Olga had a similar experience with her haircut “It looked bueno in the salon, but once I got to my casa, it was incontrolable” (fitted sheet syndrome). She pleaded that I visit her at her home, since she would not go out. Francamente, it was a good haircut, just not for her. Olga, like most Latinas, is more of a glam girl than a cool biker chica, “My ten-year old niece loves it,” she murmured, making full use of pleading eyes, “What should I do, where should I go, what should I say?”
She reminded me of Vivian Leigh in Gone With the Wind, but passed on commenting because Olga would not know what I am talking about.
I advised Olga to return to her stylist, even is she had to cloak herself in a zarape. “Oh no, I don’t like complaining,” she replied, “I would rather go someplace else.” Latino consumers, if unhappy, speak with their feet; they just walk away and never turn back.
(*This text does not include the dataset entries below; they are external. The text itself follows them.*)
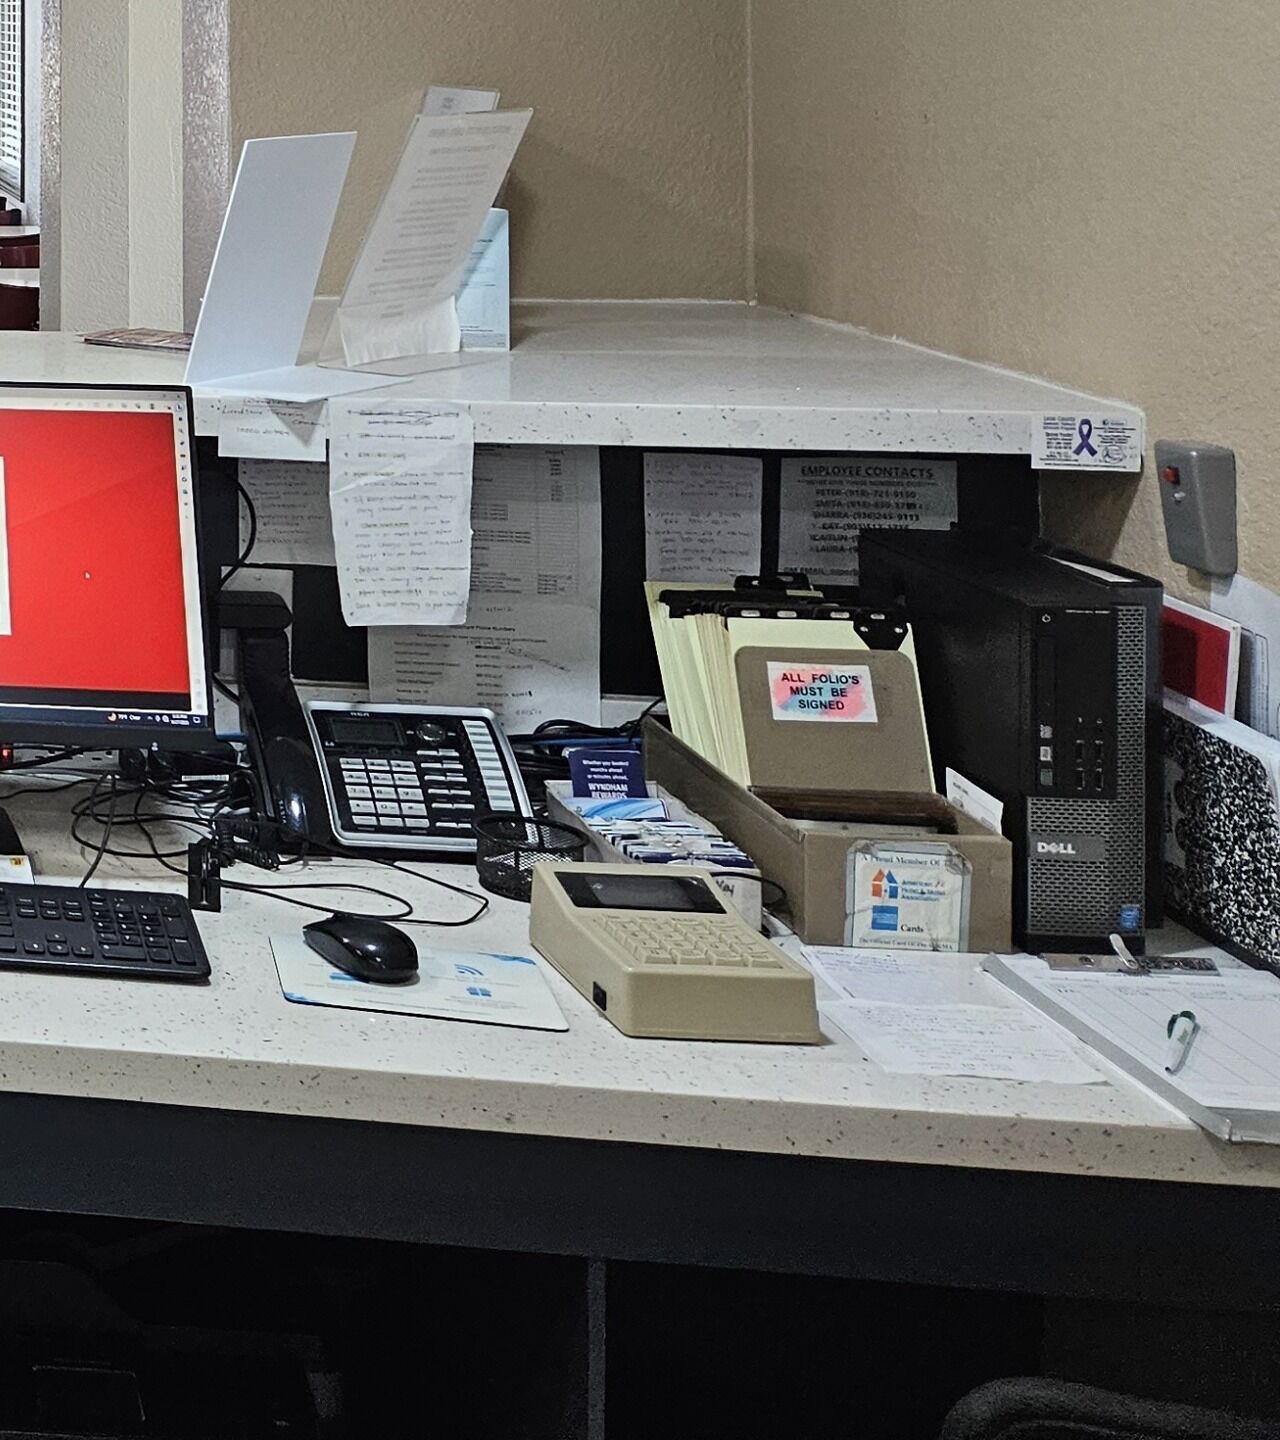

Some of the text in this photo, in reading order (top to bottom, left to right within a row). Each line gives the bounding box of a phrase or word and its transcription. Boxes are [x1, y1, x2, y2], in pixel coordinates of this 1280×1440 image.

[800, 465, 933, 478] EMPLOYEE CONTACTS
[780, 672, 859, 684] ALL FOLIO'S
[789, 685, 847, 697] MUST BE
[797, 698, 844, 710] SIGNED
[587, 782, 628, 792] WYNDHAM
[1036, 841, 1076, 854] DELL
[899, 923, 924, 933] Cards
How many of your clientes just disappear? Porque? Well, the cut, the color, the water temperature, the coffee, and the music. The reasons are endless; many are beyond your control. But, there is one thing you can control: your attitude.
Understand and make it perfectamente clear to all that the one and only reason you are in the salon is to make your clientefeel and look fabulous. And, that you will adjust, correct and redo any work, with a smile, to the client’s satisfaction. This last part, I suggest you display on your mirror, business card, Facebook, and website. Lose the fear of unconditional customer service and become successful beyond your wildest dreams. Few clients, if any, will abuse your policy.
Olga, by the way, returned to her stylist (without a zarape) and was taught to achieve a glamorous style with hot rollers, (remember?) She loved her adapted “biker chica” do, and has sent two new clients to her stylist. Add that up, por favor.